--- WHAT THE TASK REQUIRES ---
Drop the pictures; give again exactly the lines from the one holding "Some of the text" through the end of the data.

################

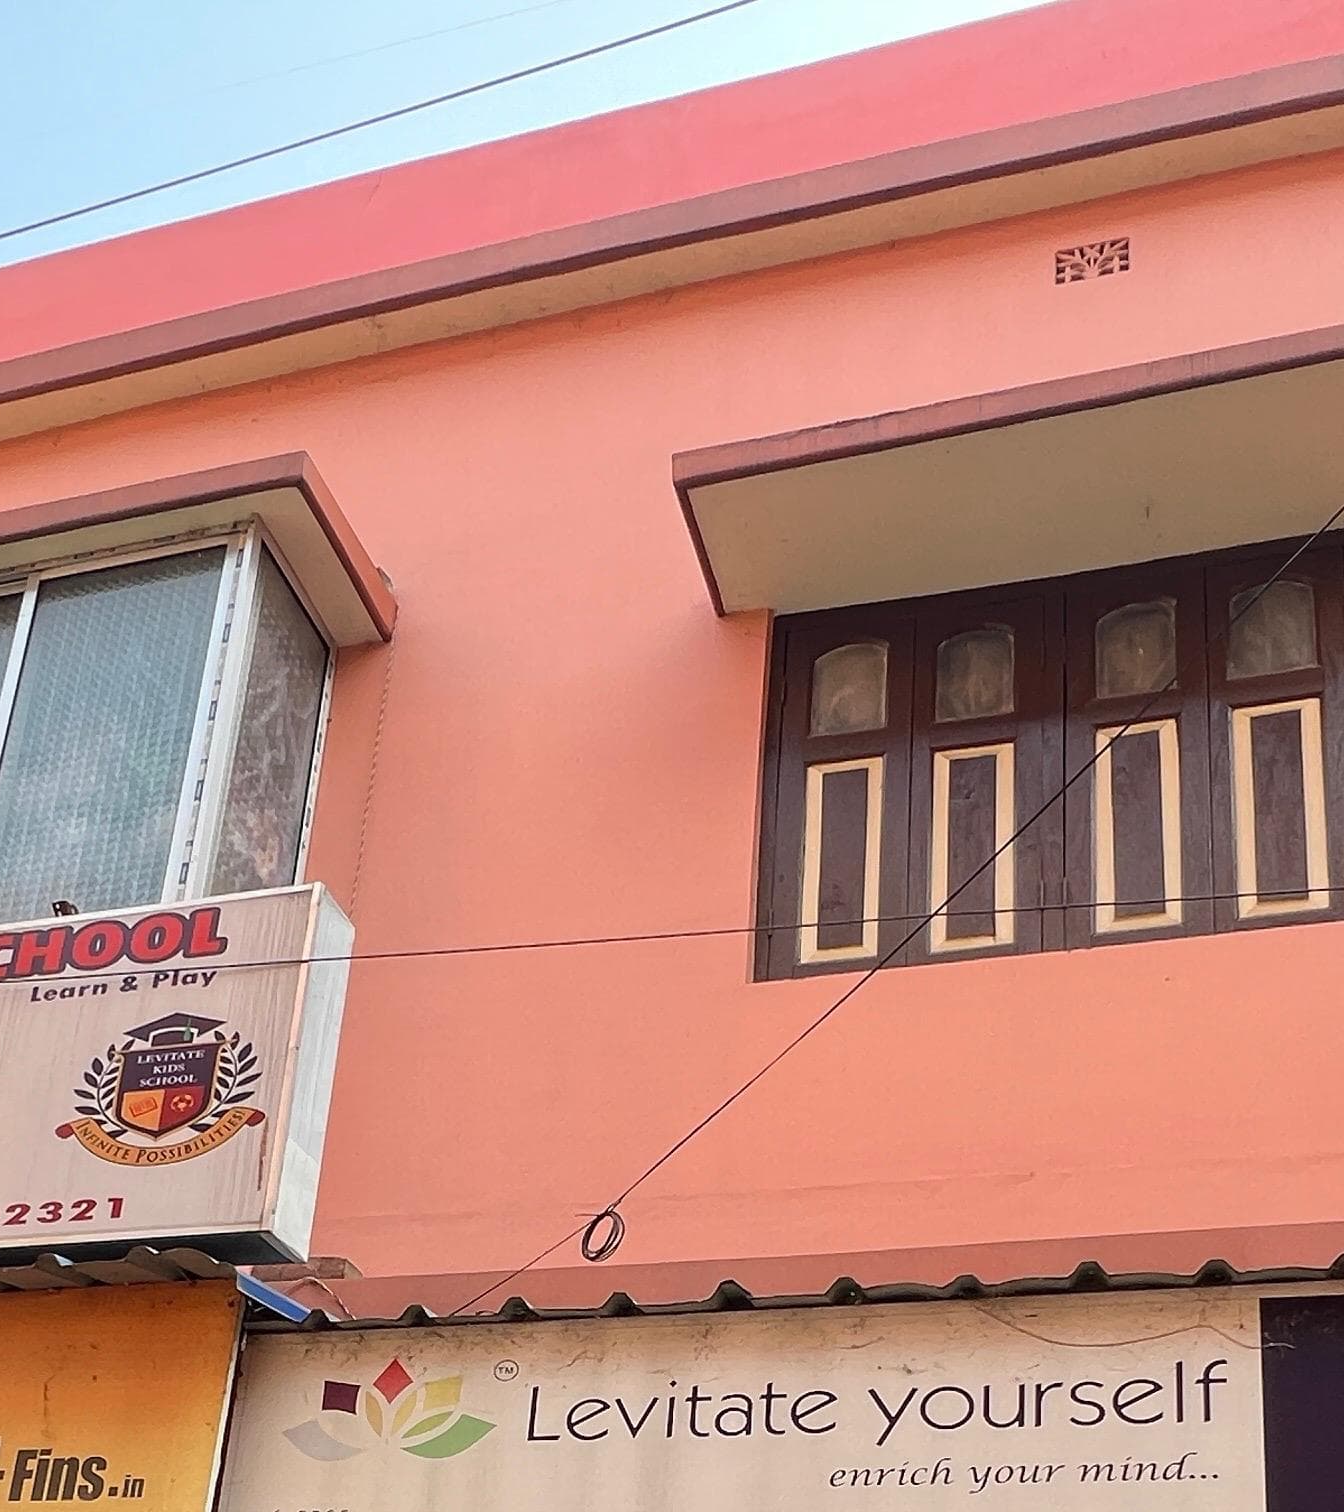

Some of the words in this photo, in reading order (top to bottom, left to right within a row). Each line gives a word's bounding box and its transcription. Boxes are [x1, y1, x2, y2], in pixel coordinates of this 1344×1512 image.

[31, 976, 108, 1003] Learn
[120, 975, 138, 992] &
[152, 968, 218, 990] Play
[138, 1050, 205, 1064] LEVITATE
[153, 1063, 185, 1074] KIDS
[139, 1074, 197, 1087] SCHOOL
[76, 1120, 130, 1160] INFINITE
[527, 1379, 838, 1441] Levitate
[868, 1359, 1228, 1447] yourself
[829, 1457, 953, 1488] enrich
[968, 1459, 1065, 1495] your
[1077, 1452, 1219, 1484] mind...
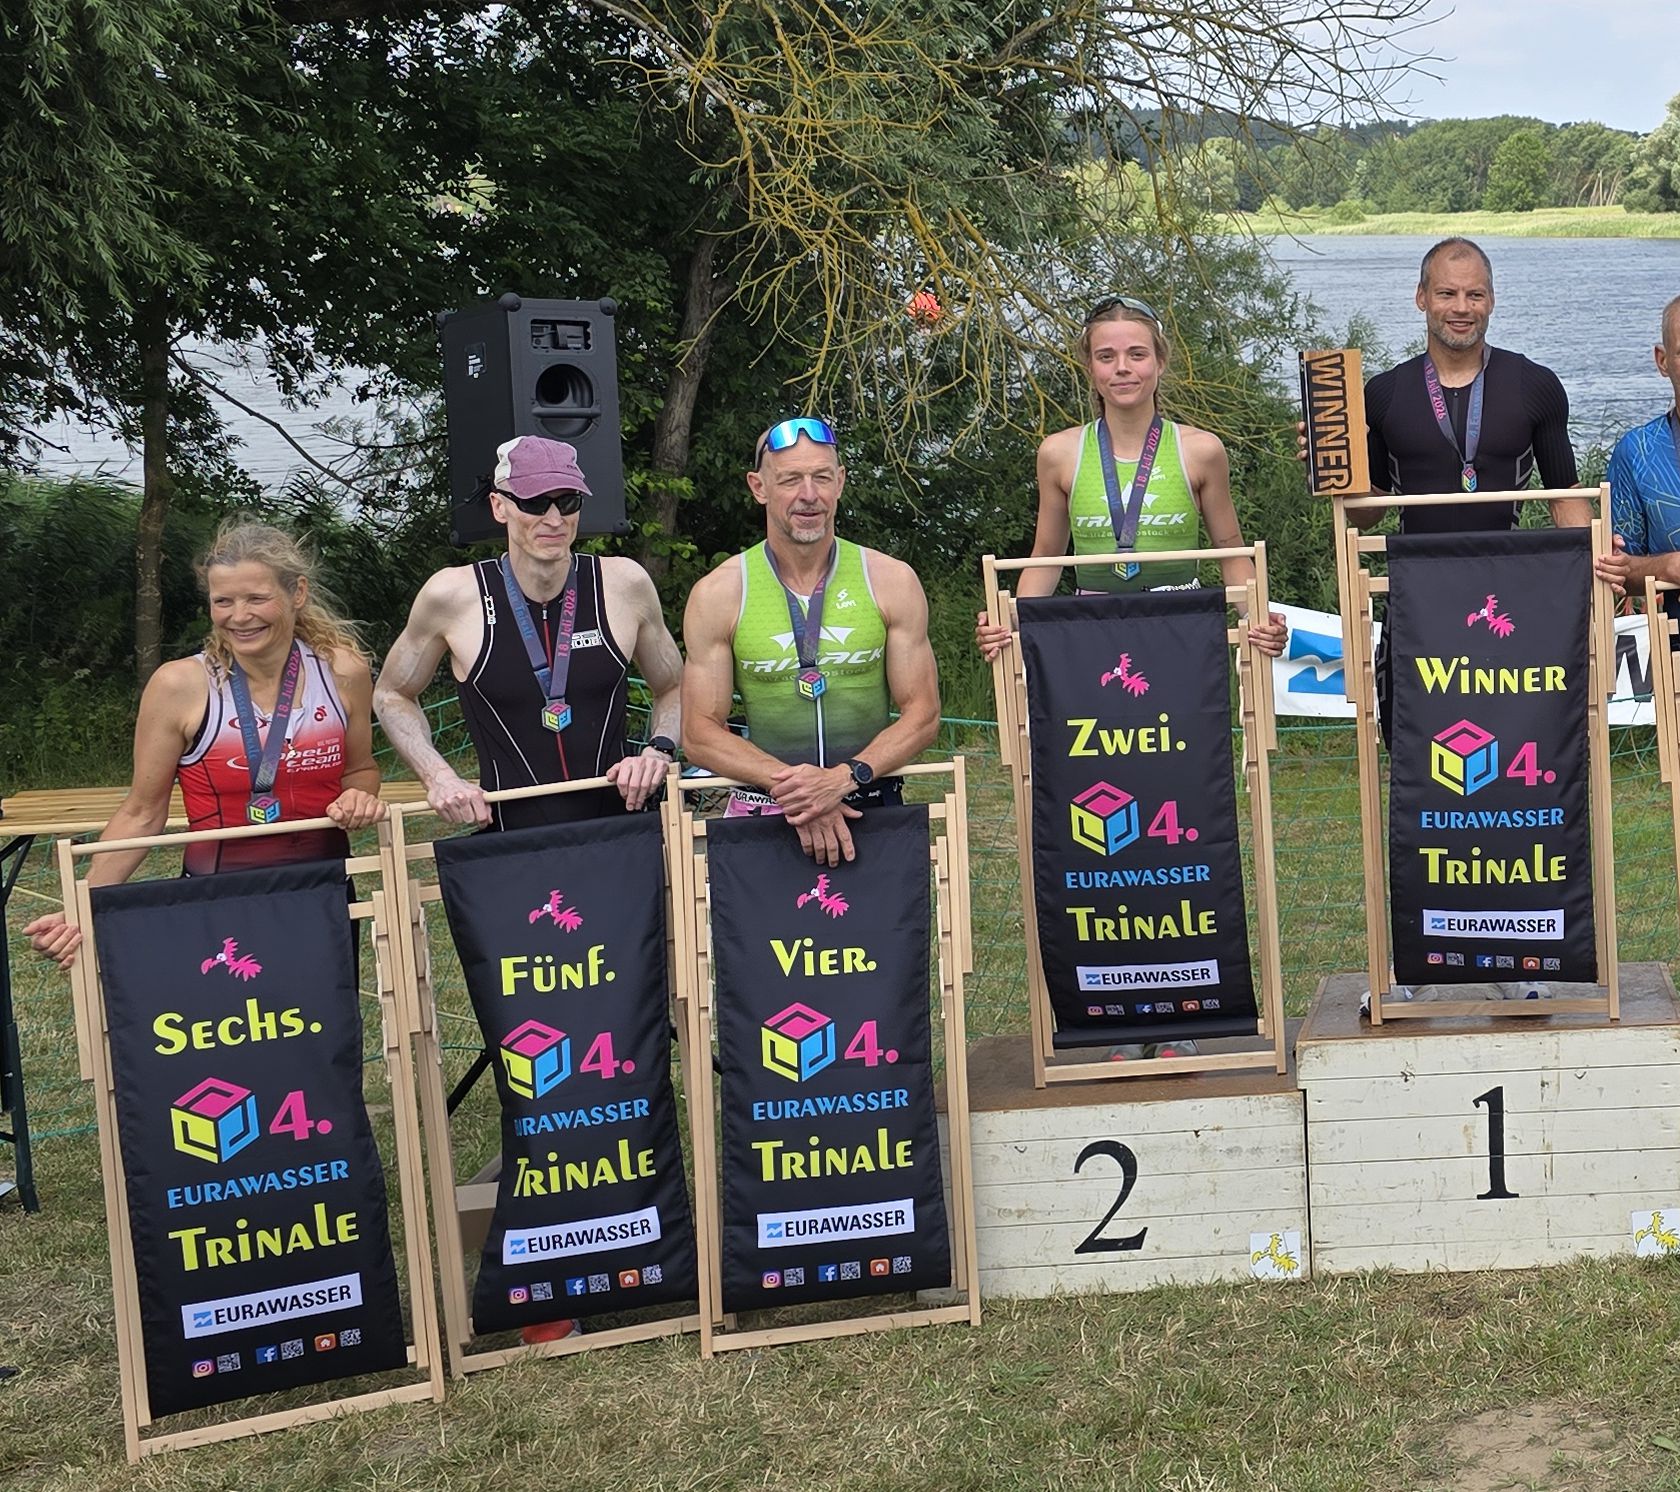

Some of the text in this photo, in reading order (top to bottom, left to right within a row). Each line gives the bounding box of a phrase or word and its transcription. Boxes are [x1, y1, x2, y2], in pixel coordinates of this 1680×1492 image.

[1311, 353, 1352, 491] WINNER
[564, 588, 576, 616] 2026
[1507, 742, 1556, 786] 4.
[1148, 800, 1199, 845] 4.
[1421, 808, 1565, 830] EURAWASSER
[1065, 864, 1211, 889] EURAWASSER
[1446, 916, 1557, 934] EURAWASSER
[1101, 966, 1211, 986] EURAWASSER
[580, 1032, 635, 1079] 4.
[844, 1020, 899, 1067] 4.
[269, 1091, 332, 1141] 4.
[752, 1088, 909, 1121] EURAWASSER
[1472, 1086, 1520, 1200] 1
[168, 1159, 349, 1208] EURAWASSER
[1073, 1140, 1149, 1255] 2
[527, 1218, 652, 1254] EURAWASSER
[784, 1210, 905, 1238] EURAWASSER
[215, 1283, 352, 1325] EURAWASSER
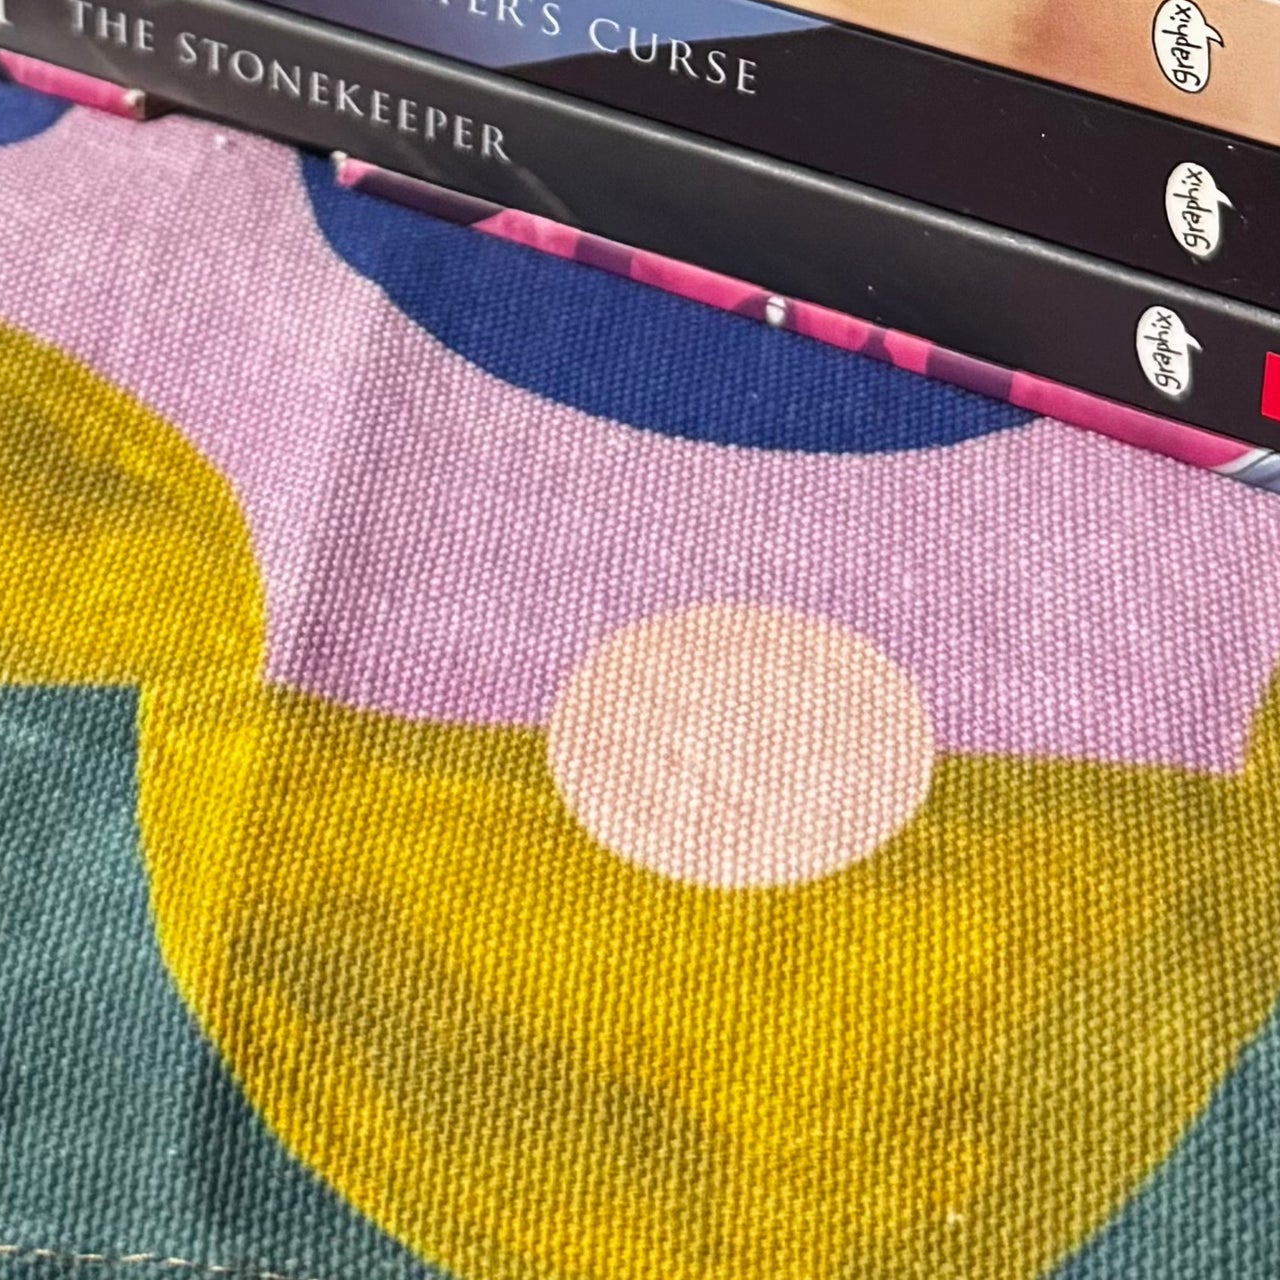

################

--- SOLUTION FOR THIS TASK ---
Some of the text in this photo, in reading order (top to bottom, left to right within a row). Each line gives the bounding box of a phrase or word and its transcription. Boxes are [x1, y1, x2, y2], in pixel coordinates of this 1680×1492 image.

[1311, 353, 1352, 491] WINNER
[564, 588, 576, 616] 2026
[1507, 742, 1556, 786] 4.
[1148, 800, 1199, 845] 4.
[1421, 808, 1565, 830] EURAWASSER
[1065, 864, 1211, 889] EURAWASSER
[1446, 916, 1557, 934] EURAWASSER
[1101, 966, 1211, 986] EURAWASSER
[580, 1032, 635, 1079] 4.
[844, 1020, 899, 1067] 4.
[269, 1091, 332, 1141] 4.
[752, 1088, 909, 1121] EURAWASSER
[1472, 1086, 1520, 1200] 1
[168, 1159, 349, 1208] EURAWASSER
[1073, 1140, 1149, 1255] 2
[527, 1218, 652, 1254] EURAWASSER
[784, 1210, 905, 1238] EURAWASSER
[215, 1283, 352, 1325] EURAWASSER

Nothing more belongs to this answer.